Data for the task: Begin

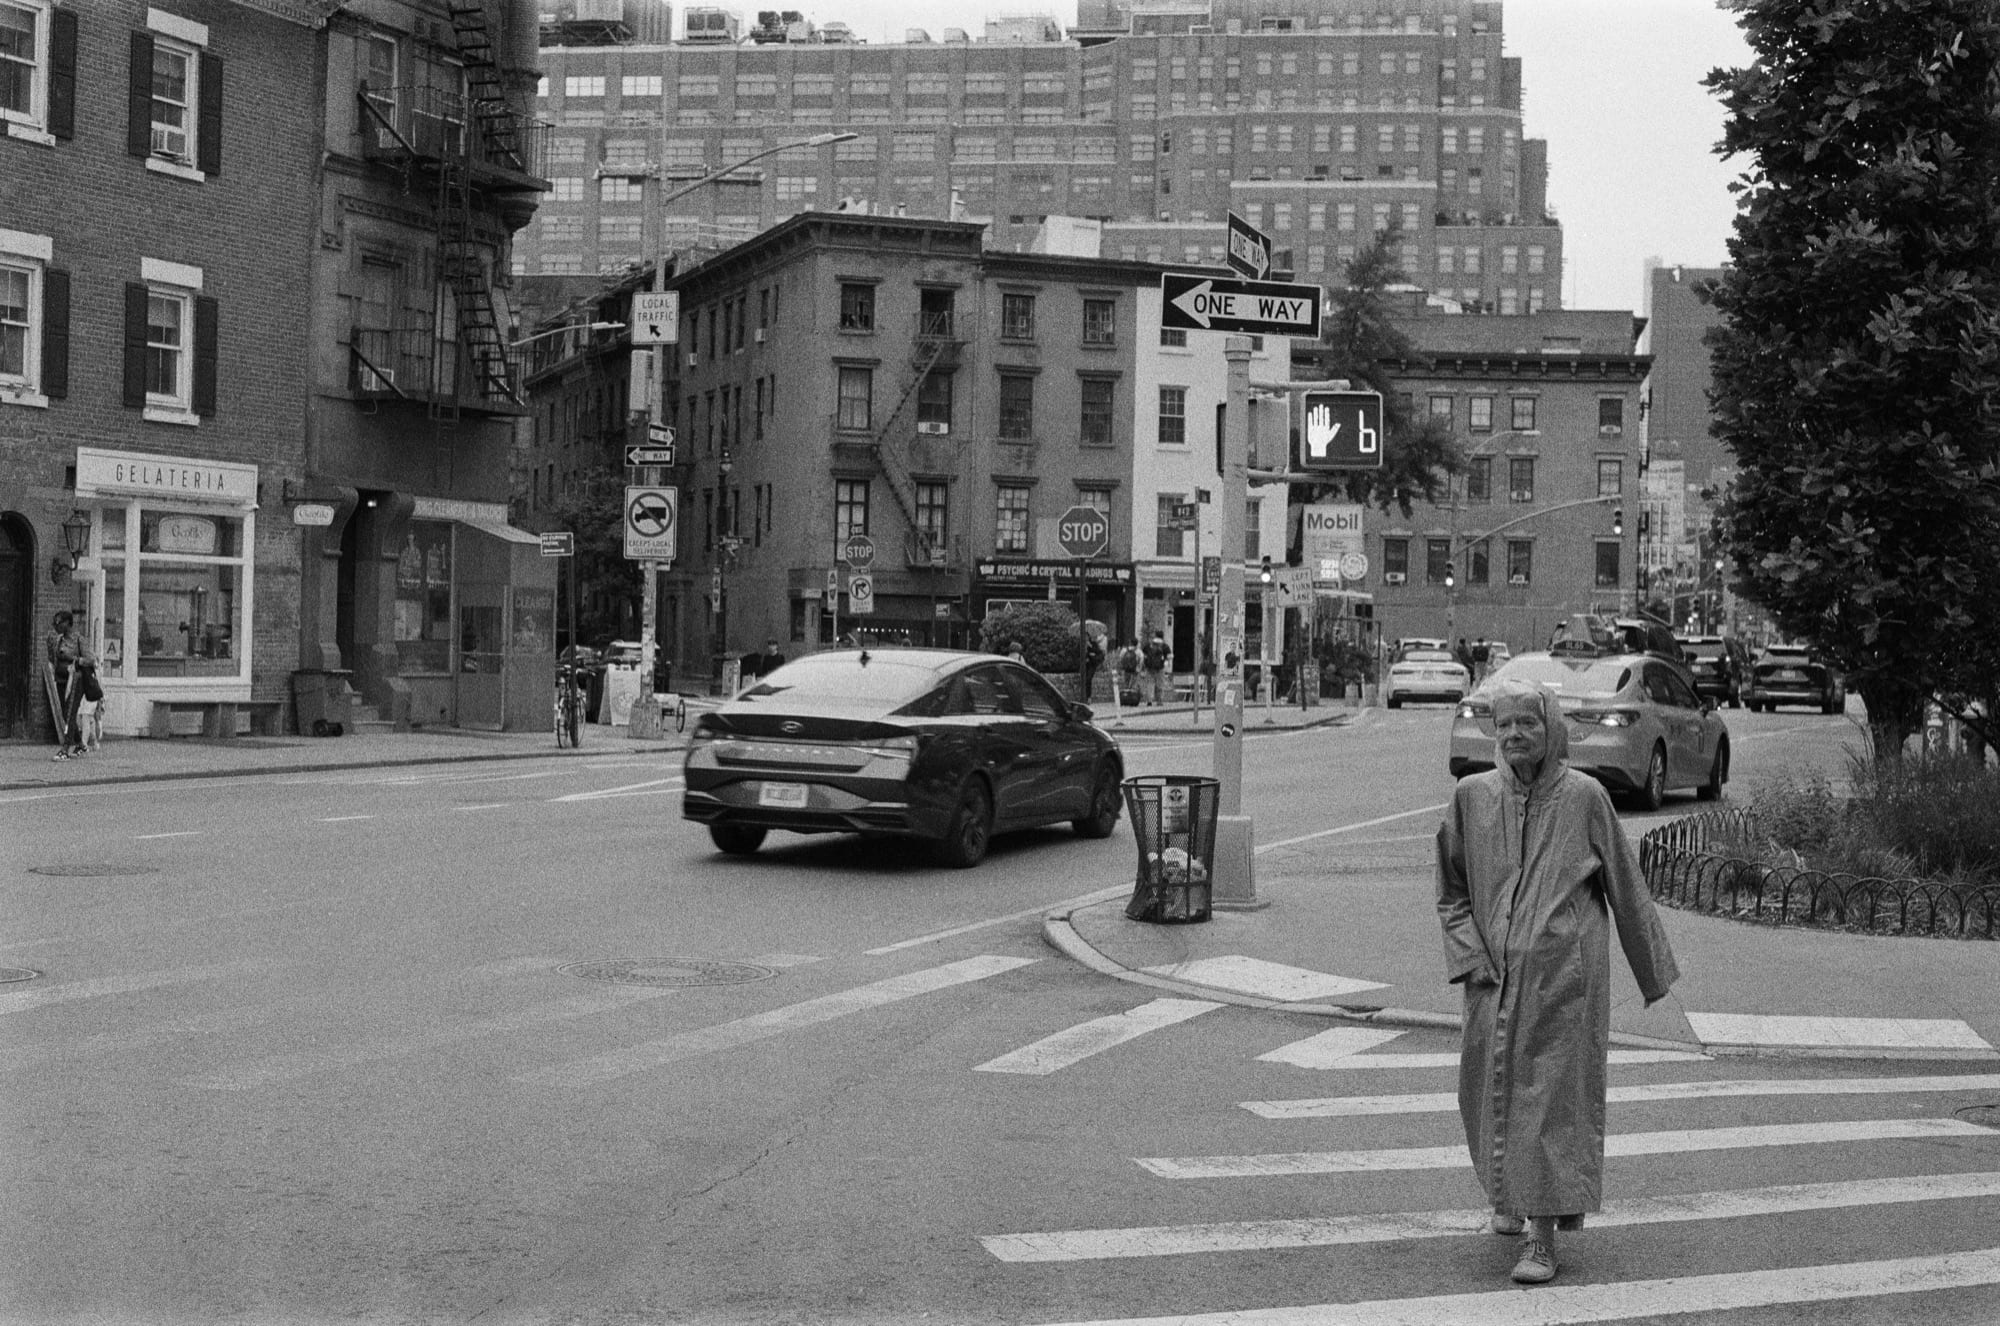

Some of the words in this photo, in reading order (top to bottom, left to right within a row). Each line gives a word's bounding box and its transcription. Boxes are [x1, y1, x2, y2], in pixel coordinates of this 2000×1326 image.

[1233, 232, 1247, 258] ONE
[1251, 246, 1266, 267] WAY
[642, 299, 670, 309] LOCAL
[1194, 294, 1236, 316] ONE
[1258, 298, 1303, 321] WAY
[638, 311, 673, 322] TRAFFIC
[653, 452, 667, 461] WAY
[116, 463, 225, 490] GELATERIA
[1307, 513, 1358, 530] Mobil
[1062, 523, 1104, 542] STOP
[652, 540, 671, 548] LOCAL
[846, 545, 873, 559] STOP
[997, 564, 1030, 576] PSYCHIC
[1075, 567, 1114, 578] RADINGS
[1291, 572, 1309, 581] LEFT
[1292, 583, 1311, 592] TURN
[1293, 593, 1310, 602] LANE
[106, 641, 117, 655] A
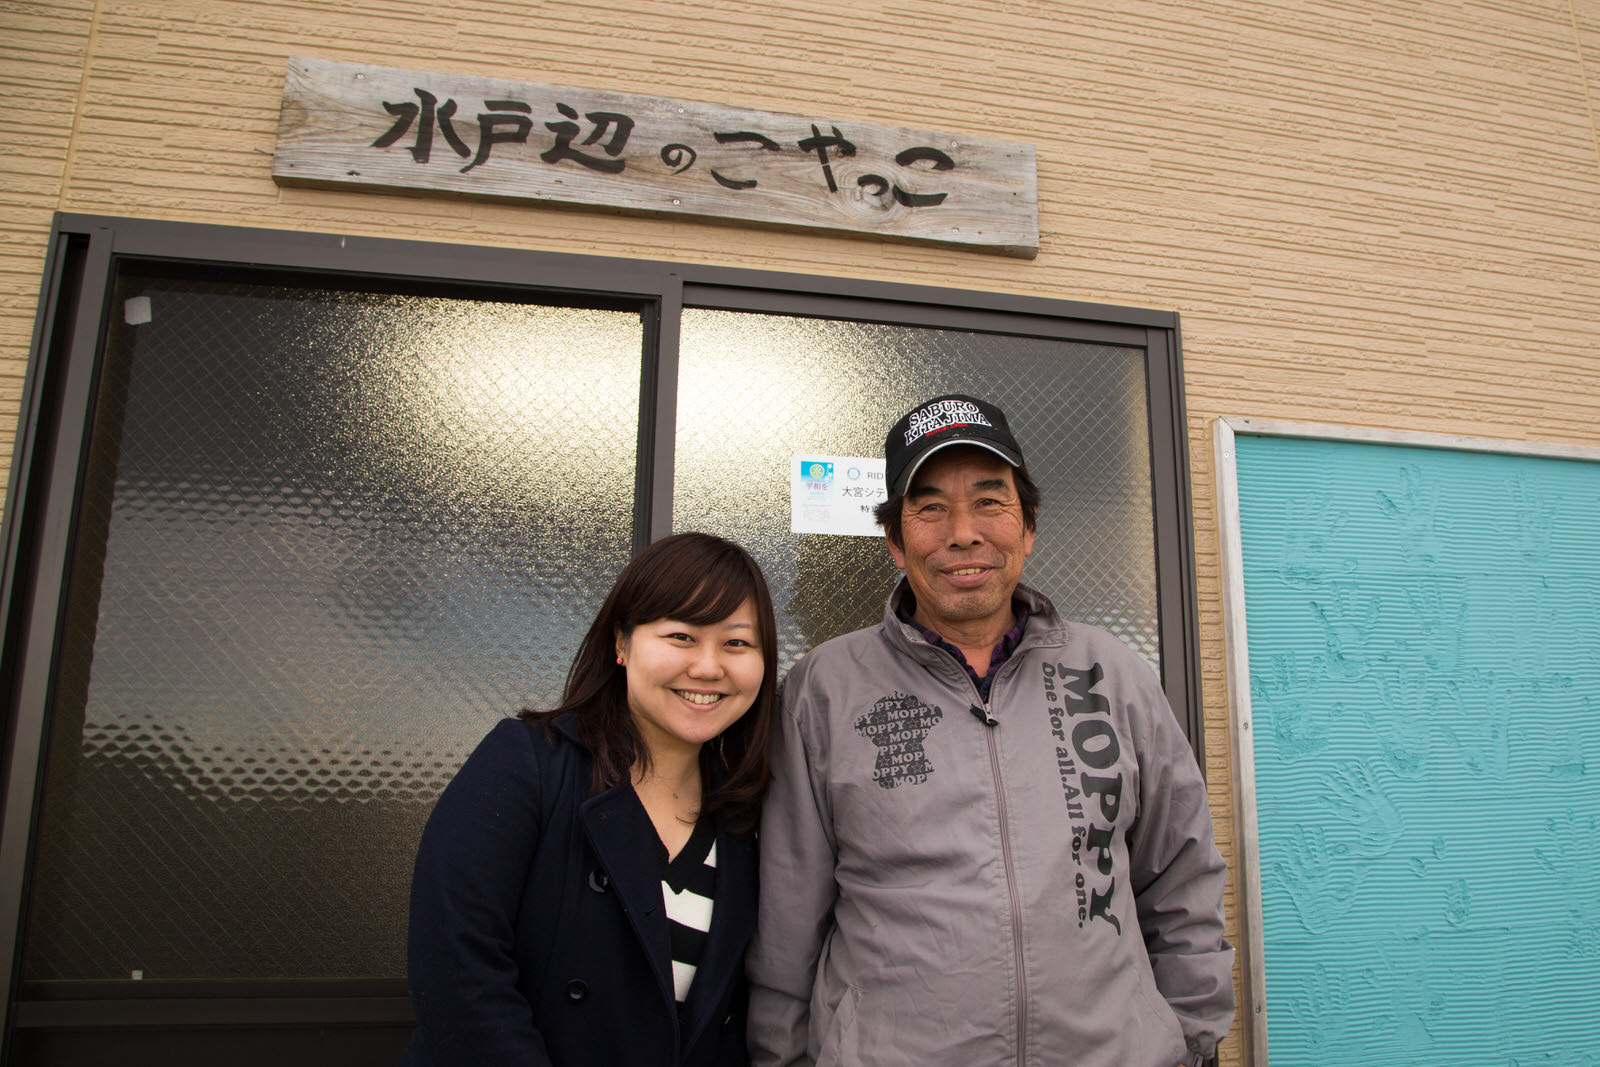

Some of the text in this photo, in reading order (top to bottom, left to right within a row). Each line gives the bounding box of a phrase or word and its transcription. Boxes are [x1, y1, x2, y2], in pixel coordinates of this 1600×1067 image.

[370, 87, 955, 208] 水戸辺のこやっこ
[904, 411, 992, 446] KITAJIMA
[909, 399, 980, 428] SABURO
[867, 472, 884, 480] RID
[1041, 660, 1058, 703] One
[855, 716, 942, 737] MOPPY MO
[887, 703, 936, 721] MOPPY
[1048, 705, 1066, 742] for
[879, 742, 908, 757] PPY
[872, 764, 910, 780] OPPY
[1057, 662, 1122, 937] MOPPY
[1071, 824, 1087, 867] for
[1075, 872, 1089, 930] one.

Data for the task: End

About this exercise:
The records, exactly as written but without images, should be returned.

Written response:
Some of the words in this photo, in reading order (top to bottom, left to right within a row). Each line gives a word's bounding box and its transcription. Boxes are [x1, y1, x2, y2], in pixel coordinates of this 2000×1326 image.

[1233, 232, 1247, 258] ONE
[1251, 246, 1266, 267] WAY
[642, 299, 670, 309] LOCAL
[1194, 294, 1236, 316] ONE
[1258, 298, 1303, 321] WAY
[638, 311, 673, 322] TRAFFIC
[653, 452, 667, 461] WAY
[116, 463, 225, 490] GELATERIA
[1307, 513, 1358, 530] Mobil
[1062, 523, 1104, 542] STOP
[652, 540, 671, 548] LOCAL
[846, 545, 873, 559] STOP
[997, 564, 1030, 576] PSYCHIC
[1075, 567, 1114, 578] RADINGS
[1291, 572, 1309, 581] LEFT
[1292, 583, 1311, 592] TURN
[1293, 593, 1310, 602] LANE
[106, 641, 117, 655] A

Some of the text in this photo, in reading order (top to bottom, left to right within a row). Each line gives the bounding box of a phrase or word and its transcription. Boxes are [x1, y1, x2, y2], in pixel coordinates of this 1600×1067 image.

[370, 87, 955, 208] 水戸辺のこやっこ
[904, 411, 992, 446] KITAJIMA
[909, 399, 980, 428] SABURO
[867, 472, 884, 480] RID
[1041, 660, 1058, 703] One
[855, 716, 942, 737] MOPPY MO
[887, 703, 936, 721] MOPPY
[1048, 705, 1066, 742] for
[879, 742, 908, 757] PPY
[872, 764, 910, 780] OPPY
[1057, 662, 1122, 937] MOPPY
[1071, 824, 1087, 867] for
[1075, 872, 1089, 930] one.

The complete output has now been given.